--- START ---

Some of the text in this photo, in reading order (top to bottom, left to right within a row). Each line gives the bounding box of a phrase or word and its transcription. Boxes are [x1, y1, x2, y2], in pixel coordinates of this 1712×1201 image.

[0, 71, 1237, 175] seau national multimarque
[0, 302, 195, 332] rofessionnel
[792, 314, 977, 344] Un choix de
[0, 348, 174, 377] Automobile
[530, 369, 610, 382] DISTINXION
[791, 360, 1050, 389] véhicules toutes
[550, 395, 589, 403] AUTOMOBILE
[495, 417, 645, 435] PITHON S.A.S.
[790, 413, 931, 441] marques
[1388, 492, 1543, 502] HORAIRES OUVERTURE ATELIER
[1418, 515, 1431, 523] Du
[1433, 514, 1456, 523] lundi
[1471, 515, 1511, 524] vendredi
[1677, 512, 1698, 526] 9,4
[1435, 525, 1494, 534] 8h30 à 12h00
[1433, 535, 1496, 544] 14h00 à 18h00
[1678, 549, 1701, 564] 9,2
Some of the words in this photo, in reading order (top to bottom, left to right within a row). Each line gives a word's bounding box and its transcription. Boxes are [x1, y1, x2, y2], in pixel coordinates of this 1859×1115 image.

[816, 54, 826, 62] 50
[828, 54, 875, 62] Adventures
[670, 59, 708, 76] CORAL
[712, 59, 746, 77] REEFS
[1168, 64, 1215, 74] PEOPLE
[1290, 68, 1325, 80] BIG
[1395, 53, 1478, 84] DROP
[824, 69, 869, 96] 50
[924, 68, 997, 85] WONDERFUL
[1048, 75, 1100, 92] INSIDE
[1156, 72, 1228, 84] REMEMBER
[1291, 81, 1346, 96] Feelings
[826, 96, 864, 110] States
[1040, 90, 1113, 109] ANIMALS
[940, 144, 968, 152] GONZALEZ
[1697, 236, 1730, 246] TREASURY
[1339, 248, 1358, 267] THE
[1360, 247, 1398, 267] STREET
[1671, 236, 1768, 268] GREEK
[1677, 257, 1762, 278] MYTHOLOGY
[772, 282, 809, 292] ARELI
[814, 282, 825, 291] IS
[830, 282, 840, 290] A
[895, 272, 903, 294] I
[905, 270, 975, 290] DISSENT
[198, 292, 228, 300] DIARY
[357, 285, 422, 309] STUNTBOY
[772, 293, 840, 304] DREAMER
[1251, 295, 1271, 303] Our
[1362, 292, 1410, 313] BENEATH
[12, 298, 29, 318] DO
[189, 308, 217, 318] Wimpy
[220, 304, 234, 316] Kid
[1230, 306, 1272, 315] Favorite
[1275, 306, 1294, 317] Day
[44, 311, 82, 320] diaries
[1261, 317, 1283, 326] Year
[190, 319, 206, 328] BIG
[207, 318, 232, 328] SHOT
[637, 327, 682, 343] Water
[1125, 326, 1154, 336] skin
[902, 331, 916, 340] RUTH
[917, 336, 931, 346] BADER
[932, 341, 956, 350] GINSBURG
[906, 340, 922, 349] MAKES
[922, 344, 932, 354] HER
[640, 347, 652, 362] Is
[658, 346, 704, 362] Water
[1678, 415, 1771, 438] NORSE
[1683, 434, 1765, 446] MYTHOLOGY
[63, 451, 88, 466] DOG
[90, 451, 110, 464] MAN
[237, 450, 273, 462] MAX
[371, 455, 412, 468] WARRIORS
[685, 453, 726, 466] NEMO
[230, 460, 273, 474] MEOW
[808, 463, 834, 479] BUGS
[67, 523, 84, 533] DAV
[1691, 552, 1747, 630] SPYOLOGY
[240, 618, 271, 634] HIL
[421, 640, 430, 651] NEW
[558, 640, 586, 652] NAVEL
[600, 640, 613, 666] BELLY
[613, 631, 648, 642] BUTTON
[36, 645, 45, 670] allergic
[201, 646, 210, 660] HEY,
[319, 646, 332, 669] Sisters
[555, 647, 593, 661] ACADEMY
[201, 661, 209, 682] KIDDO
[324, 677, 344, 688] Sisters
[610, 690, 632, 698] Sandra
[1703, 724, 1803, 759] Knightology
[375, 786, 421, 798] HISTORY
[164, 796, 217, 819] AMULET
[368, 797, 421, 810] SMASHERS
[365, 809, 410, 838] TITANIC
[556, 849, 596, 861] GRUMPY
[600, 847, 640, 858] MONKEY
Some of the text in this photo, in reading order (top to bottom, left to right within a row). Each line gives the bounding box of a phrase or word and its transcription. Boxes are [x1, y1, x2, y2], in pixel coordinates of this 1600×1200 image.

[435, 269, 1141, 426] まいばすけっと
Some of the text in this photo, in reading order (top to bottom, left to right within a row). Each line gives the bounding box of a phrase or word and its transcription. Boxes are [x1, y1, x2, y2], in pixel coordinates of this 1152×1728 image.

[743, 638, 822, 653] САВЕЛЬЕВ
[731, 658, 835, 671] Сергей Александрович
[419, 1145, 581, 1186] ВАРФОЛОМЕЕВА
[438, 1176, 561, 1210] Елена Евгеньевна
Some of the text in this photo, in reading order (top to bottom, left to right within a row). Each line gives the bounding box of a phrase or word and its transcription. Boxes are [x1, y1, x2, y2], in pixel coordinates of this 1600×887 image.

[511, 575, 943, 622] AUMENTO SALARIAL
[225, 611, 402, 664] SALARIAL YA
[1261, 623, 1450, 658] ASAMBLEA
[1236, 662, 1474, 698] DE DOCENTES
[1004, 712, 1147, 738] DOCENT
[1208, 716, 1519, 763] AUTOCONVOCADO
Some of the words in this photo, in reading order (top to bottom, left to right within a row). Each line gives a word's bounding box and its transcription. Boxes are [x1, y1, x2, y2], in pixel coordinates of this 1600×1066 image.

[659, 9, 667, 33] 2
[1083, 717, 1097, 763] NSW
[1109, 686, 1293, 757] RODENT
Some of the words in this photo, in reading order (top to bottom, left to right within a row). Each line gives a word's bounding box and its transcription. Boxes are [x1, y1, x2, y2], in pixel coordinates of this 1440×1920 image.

--- END ---

_Activity_
Using the entries above, print each one again without any alteration.

_Output for this exercise_
Some of the text in this photo, in reading order (top to bottom, left to right within a row). Each line gives the bounding box of a phrase or word and its transcription. Boxes are [x1, y1, x2, y2], in pixel coordinates of this 1712×1201 image.

[0, 71, 1237, 175] seau national multimarque
[0, 302, 195, 332] rofessionnel
[792, 314, 977, 344] Un choix de
[0, 348, 174, 377] Automobile
[530, 369, 610, 382] DISTINXION
[791, 360, 1050, 389] véhicules toutes
[550, 395, 589, 403] AUTOMOBILE
[495, 417, 645, 435] PITHON S.A.S.
[790, 413, 931, 441] marques
[1388, 492, 1543, 502] HORAIRES OUVERTURE ATELIER
[1418, 515, 1431, 523] Du
[1433, 514, 1456, 523] lundi
[1471, 515, 1511, 524] vendredi
[1677, 512, 1698, 526] 9,4
[1435, 525, 1494, 534] 8h30 à 12h00
[1433, 535, 1496, 544] 14h00 à 18h00
[1678, 549, 1701, 564] 9,2
Some of the words in this photo, in reading order (top to bottom, left to right within a row). Each line gives a word's bounding box and its transcription. Boxes are [x1, y1, x2, y2], in pixel coordinates of this 1859×1115 image.

[816, 54, 826, 62] 50
[828, 54, 875, 62] Adventures
[670, 59, 708, 76] CORAL
[712, 59, 746, 77] REEFS
[1168, 64, 1215, 74] PEOPLE
[1290, 68, 1325, 80] BIG
[1395, 53, 1478, 84] DROP
[824, 69, 869, 96] 50
[924, 68, 997, 85] WONDERFUL
[1048, 75, 1100, 92] INSIDE
[1156, 72, 1228, 84] REMEMBER
[1291, 81, 1346, 96] Feelings
[826, 96, 864, 110] States
[1040, 90, 1113, 109] ANIMALS
[940, 144, 968, 152] GONZALEZ
[1697, 236, 1730, 246] TREASURY
[1339, 248, 1358, 267] THE
[1360, 247, 1398, 267] STREET
[1671, 236, 1768, 268] GREEK
[1677, 257, 1762, 278] MYTHOLOGY
[772, 282, 809, 292] ARELI
[814, 282, 825, 291] IS
[830, 282, 840, 290] A
[895, 272, 903, 294] I
[905, 270, 975, 290] DISSENT
[198, 292, 228, 300] DIARY
[357, 285, 422, 309] STUNTBOY
[772, 293, 840, 304] DREAMER
[1251, 295, 1271, 303] Our
[1362, 292, 1410, 313] BENEATH
[12, 298, 29, 318] DO
[189, 308, 217, 318] Wimpy
[220, 304, 234, 316] Kid
[1230, 306, 1272, 315] Favorite
[1275, 306, 1294, 317] Day
[44, 311, 82, 320] diaries
[1261, 317, 1283, 326] Year
[190, 319, 206, 328] BIG
[207, 318, 232, 328] SHOT
[637, 327, 682, 343] Water
[1125, 326, 1154, 336] skin
[902, 331, 916, 340] RUTH
[917, 336, 931, 346] BADER
[932, 341, 956, 350] GINSBURG
[906, 340, 922, 349] MAKES
[922, 344, 932, 354] HER
[640, 347, 652, 362] Is
[658, 346, 704, 362] Water
[1678, 415, 1771, 438] NORSE
[1683, 434, 1765, 446] MYTHOLOGY
[63, 451, 88, 466] DOG
[90, 451, 110, 464] MAN
[237, 450, 273, 462] MAX
[371, 455, 412, 468] WARRIORS
[685, 453, 726, 466] NEMO
[230, 460, 273, 474] MEOW
[808, 463, 834, 479] BUGS
[67, 523, 84, 533] DAV
[1691, 552, 1747, 630] SPYOLOGY
[240, 618, 271, 634] HIL
[421, 640, 430, 651] NEW
[558, 640, 586, 652] NAVEL
[600, 640, 613, 666] BELLY
[613, 631, 648, 642] BUTTON
[36, 645, 45, 670] allergic
[201, 646, 210, 660] HEY,
[319, 646, 332, 669] Sisters
[555, 647, 593, 661] ACADEMY
[201, 661, 209, 682] KIDDO
[324, 677, 344, 688] Sisters
[610, 690, 632, 698] Sandra
[1703, 724, 1803, 759] Knightology
[375, 786, 421, 798] HISTORY
[164, 796, 217, 819] AMULET
[368, 797, 421, 810] SMASHERS
[365, 809, 410, 838] TITANIC
[556, 849, 596, 861] GRUMPY
[600, 847, 640, 858] MONKEY
Some of the text in this photo, in reading order (top to bottom, left to right within a row). Each line gives the bounding box of a phrase or word and its transcription. Boxes are [x1, y1, x2, y2], in pixel coordinates of this 1600×1200 image.

[435, 269, 1141, 426] まいばすけっと
Some of the text in this photo, in reading order (top to bottom, left to right within a row). Each line gives the bounding box of a phrase or word and its transcription. Boxes are [x1, y1, x2, y2], in pixel coordinates of this 1152×1728 image.

[743, 638, 822, 653] САВЕЛЬЕВ
[731, 658, 835, 671] Сергей Александрович
[419, 1145, 581, 1186] ВАРФОЛОМЕЕВА
[438, 1176, 561, 1210] Елена Евгеньевна
Some of the text in this photo, in reading order (top to bottom, left to right within a row). Each line gives the bounding box of a phrase or word and its transcription. Boxes are [x1, y1, x2, y2], in pixel coordinates of this 1600×887 image.

[511, 575, 943, 622] AUMENTO SALARIAL
[225, 611, 402, 664] SALARIAL YA
[1261, 623, 1450, 658] ASAMBLEA
[1236, 662, 1474, 698] DE DOCENTES
[1004, 712, 1147, 738] DOCENT
[1208, 716, 1519, 763] AUTOCONVOCADO
Some of the words in this photo, in reading order (top to bottom, left to right within a row). Each line gives a word's bounding box and its transcription. Boxes are [x1, y1, x2, y2], in pixel coordinates of this 1600×1066 image.

[659, 9, 667, 33] 2
[1083, 717, 1097, 763] NSW
[1109, 686, 1293, 757] RODENT
Some of the words in this photo, in reading order (top to bottom, left to right within a row). Each line gives a word's bounding box and its transcription. Boxes are [x1, y1, x2, y2], in pixel coordinates of this 1440×1920 image.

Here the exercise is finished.